**ASSIGNMENT:** An exact transcription of every entry is required, with the images left out.

[[ AVAILABLE RECORDS open ]]

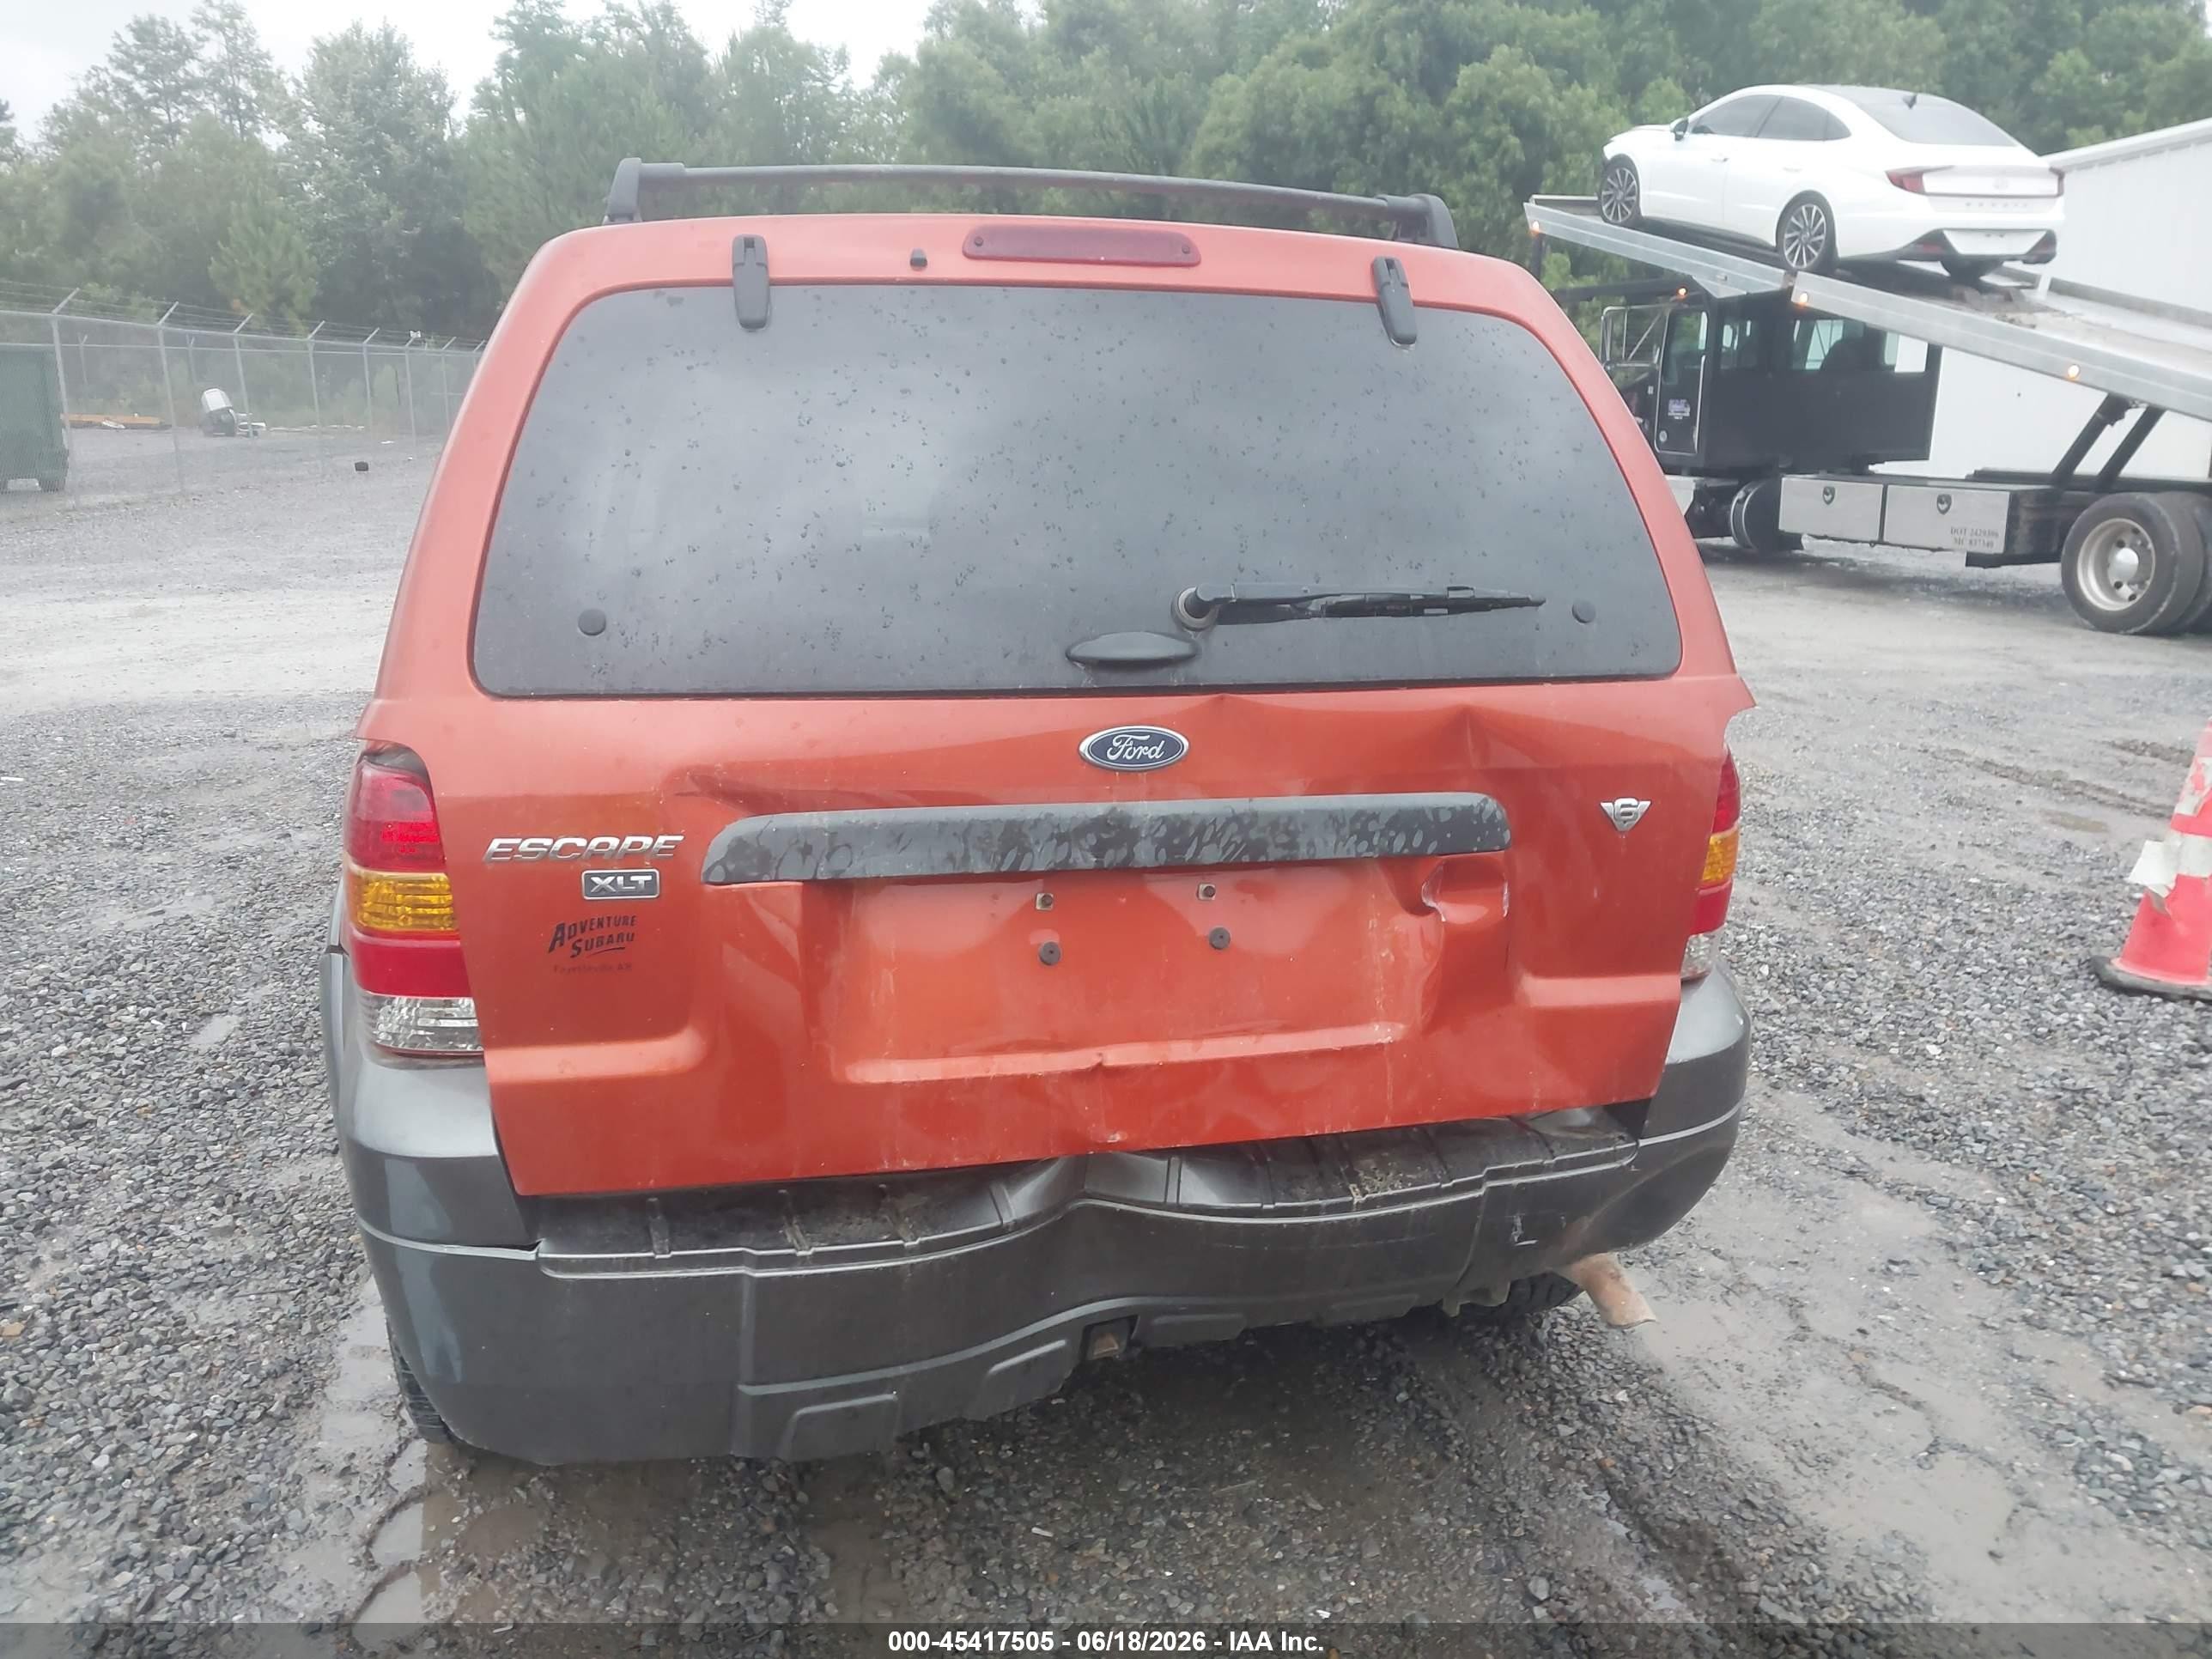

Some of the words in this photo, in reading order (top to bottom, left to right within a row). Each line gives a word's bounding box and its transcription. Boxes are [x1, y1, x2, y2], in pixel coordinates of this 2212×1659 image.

[1106, 734, 1165, 760] Ford
[483, 835, 685, 861] ESCAPE
[589, 874, 653, 893] XLT
[548, 915, 637, 953] ADVENTURE
[569, 932, 635, 958] SUBARU

[[ AVAILABLE RECORDS closed ]]

**RESPONSE AREA:**
Some of the words in this photo, in reading order (top to bottom, left to right within a row). Each line gives a word's bounding box and its transcription. Boxes are [x1, y1, x2, y2], in pixel coordinates of this 2212×1659 image.

[1106, 734, 1165, 760] Ford
[483, 835, 685, 861] ESCAPE
[589, 874, 653, 893] XLT
[548, 915, 637, 953] ADVENTURE
[569, 932, 635, 958] SUBARU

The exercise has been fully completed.